The Fable of The Bees: or, Private Vices, Publick Benefits is a book by Bernard
Mandeville, consisting of the poem The Grumbling Hive: or, Knaves turn’d Honest and
prose discussion of it. The poem was published in 1705 and the book first appeared in
1714.[1] The poem elucidates many key principles of economic thought, including
division of labor and the invisible hand, seventy years before Adam Smith (indeed, John
Maynard Keynes argues Smith was probably referencing Mandeville[2]). It also describes
the paradox of thrift centuries before Keynes, and may been seen as part of the school of
underconsumption.

At the time, however, it was considered scandalous.

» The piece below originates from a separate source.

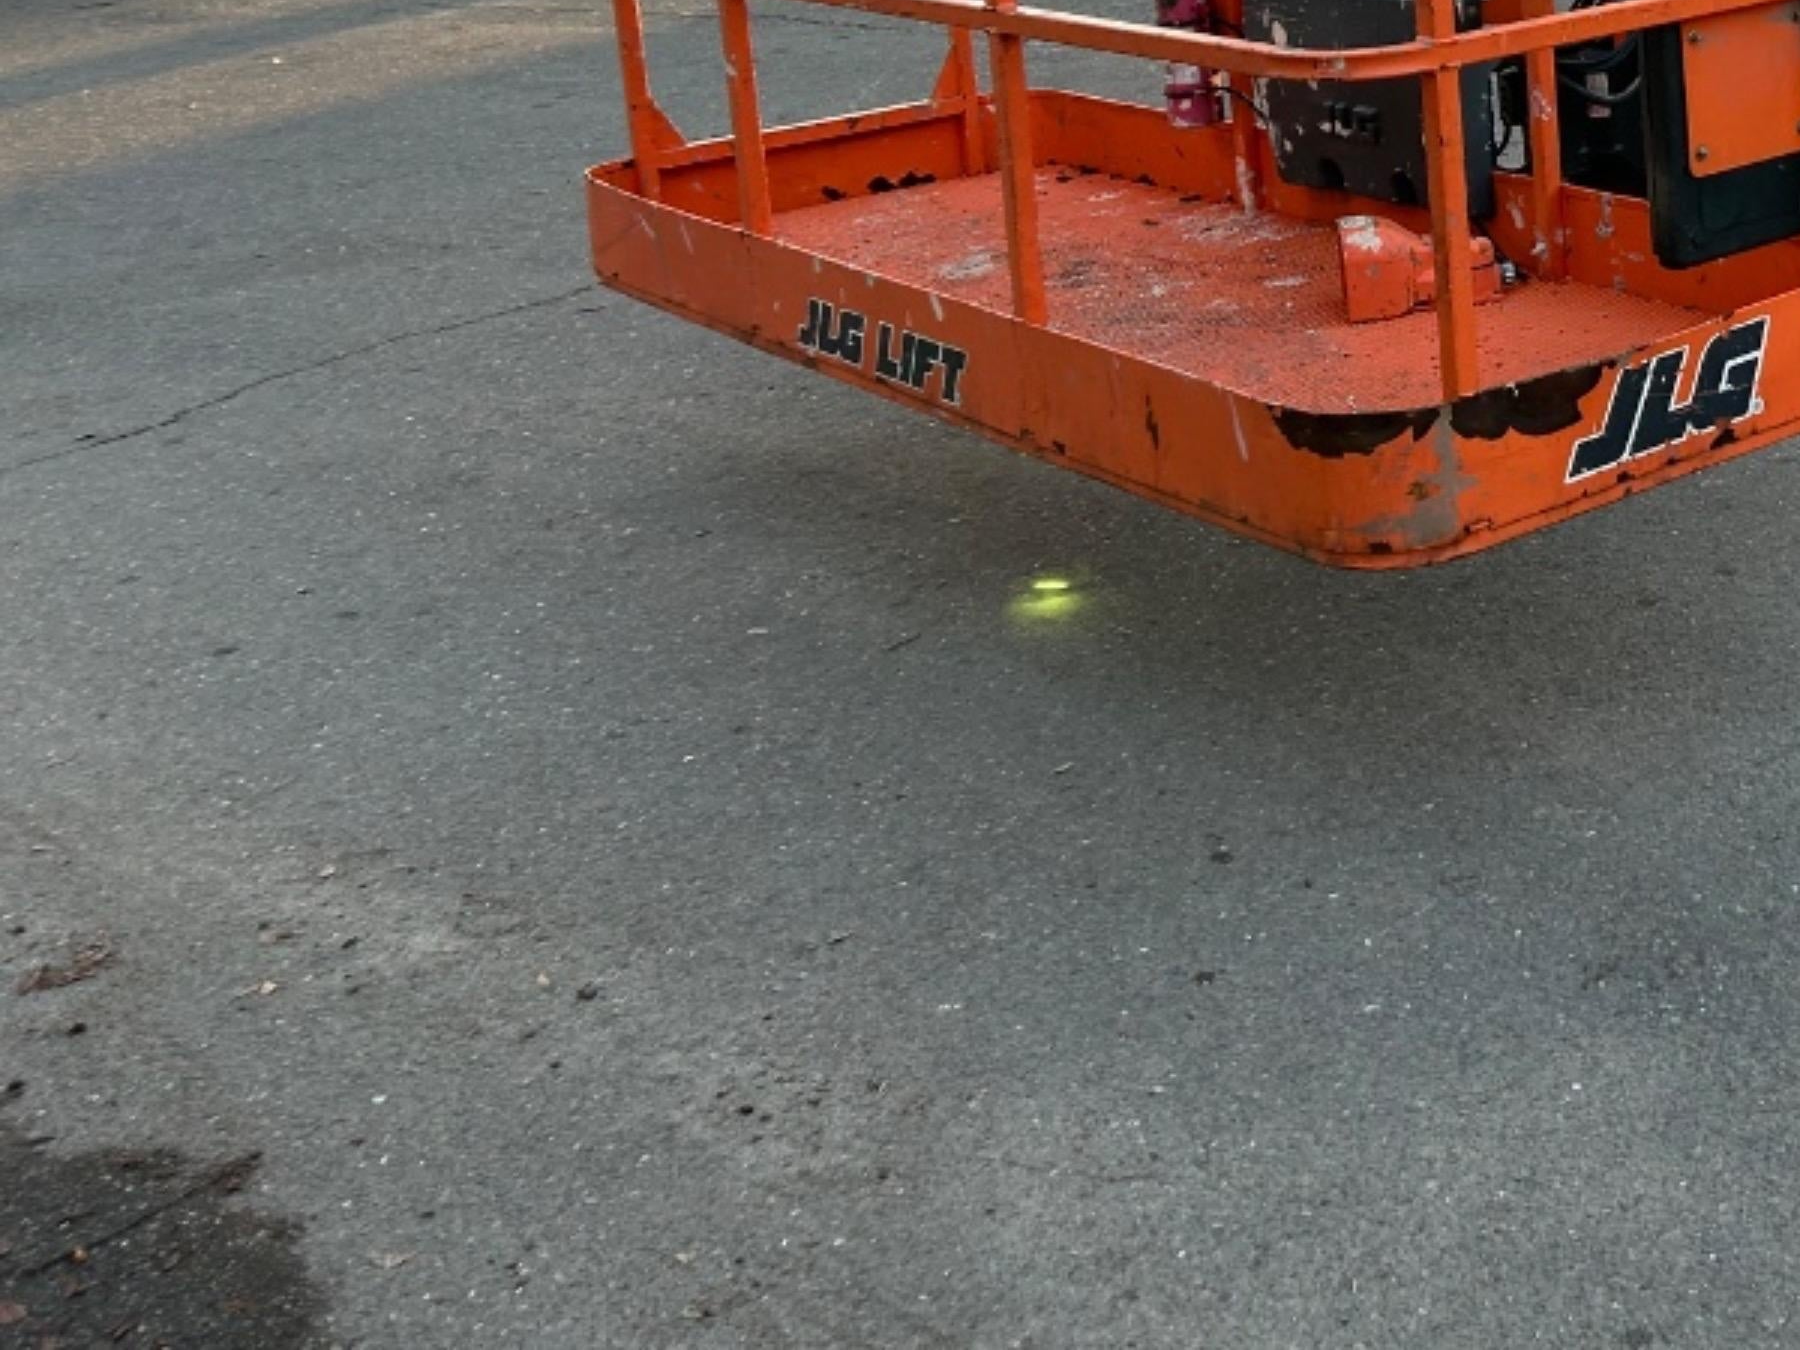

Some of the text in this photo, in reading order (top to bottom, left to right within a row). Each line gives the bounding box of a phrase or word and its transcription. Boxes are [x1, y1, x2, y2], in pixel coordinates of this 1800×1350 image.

[798, 297, 969, 405] JLG LIFT
[1564, 314, 1770, 484] JLG

Keynes reports in his General
Theory of Employment, Interest, and Money, that it was "convicted as a nuisance by the
grand jury of Middlesex in 1723, which stands out in the history of the moral sciences for
its scandalous reputation. Only one man is recorded as having spoken a good word for it,
namely Dr. Johnson, who declared that it did not puzzle him, but 'opened his eyes into
real life very much'."[3]

In the Dictionary of National Biography, Leslie Stephen describes it as follows:

Mandeville gave great offense by this book, in which a cynical system of morality
was made attractive by ingenious paradoxes. ... His doctrine that prosperity was
increased by expenditure rather than by saving fell in with many current economic
fallacies not yet extinct. Assuming with the ascetics that human desires were
essentially evil and therefore produced “private vices” and assuming with the
common view that wealth was a “public benefit”, he easily showed that all
civilization implied the development of vicious propensities....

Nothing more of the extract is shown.